Area of Interest: media studies
cultural theory
science studies
phenomenology
contemporary literature
philosophy
critical theory

Over the past decade I have sought in my research, writing and teaching to theorize the role played by technology in human agency and social life. In work that ranges across a host of disciplines, including literary studies, film and media, philosophy (particularly phenomenology), science studies, and cognitive neuroscience, I have explored the meaning of the relentless technological exteriorization that characterizes the human as a form of life and have paid particular attention to the key role played by visual art and literature in brokering cultural adaptation to technology from the industrial revolution to the digital revolution.

 My recent work has focused on the experiential significance of the revolution in computation that has transformed the architecture of knowledge in academe and in culture more broadly. As I understand it, the computational revolution is altering the infrastructure of our lifeworld profoundly and thereby changing what it means to be human and also what is involved in practicing the humanities today. I believe that the humanities must embrace technology and that humanists must enter full-scale into the informatics revolution by, for example, contesting the meaning and value of information and rethinking what it means to be human in a realtime, digitally-networked, global world in which we often cognize in concert with intelligent machines.

 My first book, Embodying Technesis: Technology Beyond Writing, set the agenda for my research by asking what is left out when literary and cultural theorists turn their attention to technology. My answer, to put it schematically, is experience: by variously taking technology as a formalizable object - as, say, a figure for the operation of language, for the structure of the text, or for the vicissitudes of the psyche - theorists simply overlook the non-representational, experiential, and massively diffuse impact of technologies on social and cultural life.

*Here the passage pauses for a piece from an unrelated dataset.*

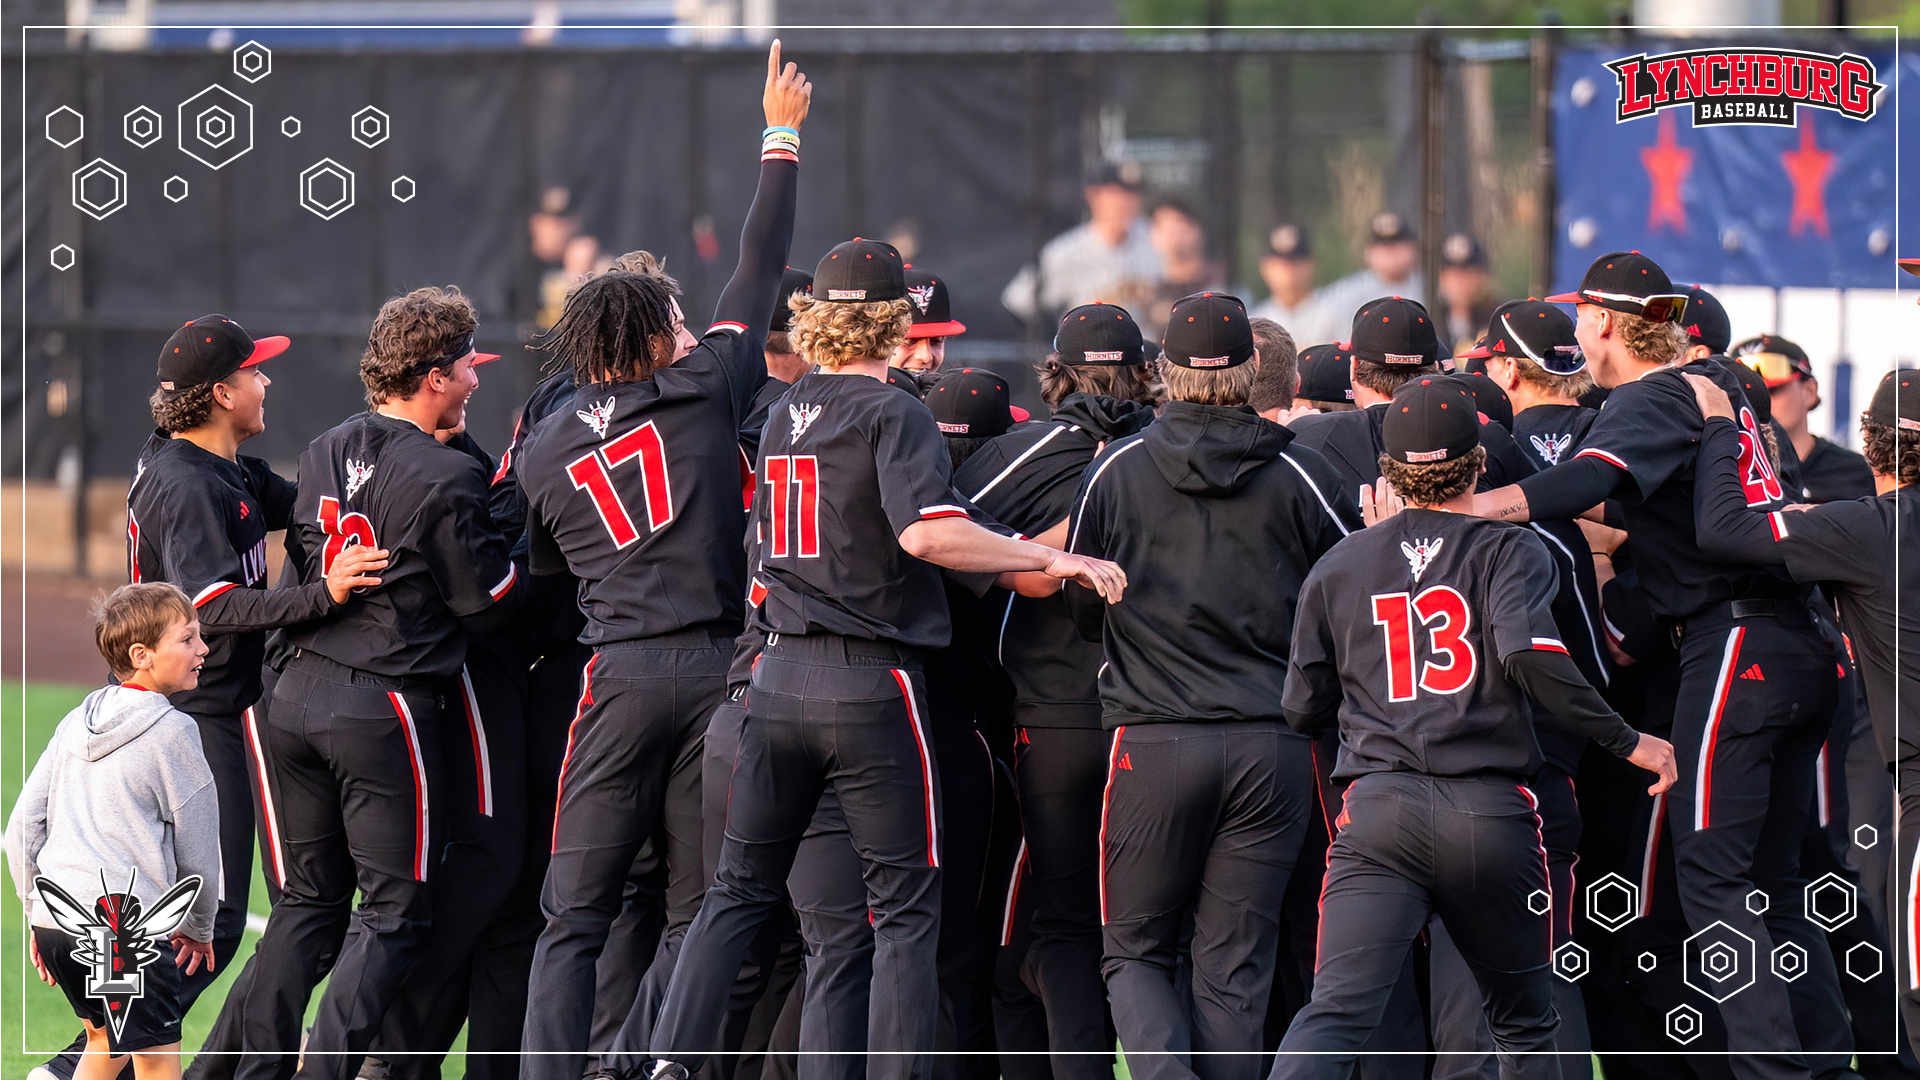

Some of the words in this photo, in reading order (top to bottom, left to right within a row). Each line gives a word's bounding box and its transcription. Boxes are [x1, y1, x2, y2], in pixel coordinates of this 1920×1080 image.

My effort to grapple with this diffuse impact has led me to focus on media technologies and, in particular, on the contemporary digital media revolution. I have done this in two books, New Philosophy for New Media and Bodies in Code, both devoted methodologically to a practice of experiencing the theoretical and technical significance of the digital revolution through the work of practicing new media artists, architects, and literary authors. In both of these studies, and in my work generally, I proceed from actual engagements with cultural artifacts and processes to theorization that draws together 20th century phenomenology, recent cognitive (neuro)science, and (neo-) cybernetic discourses.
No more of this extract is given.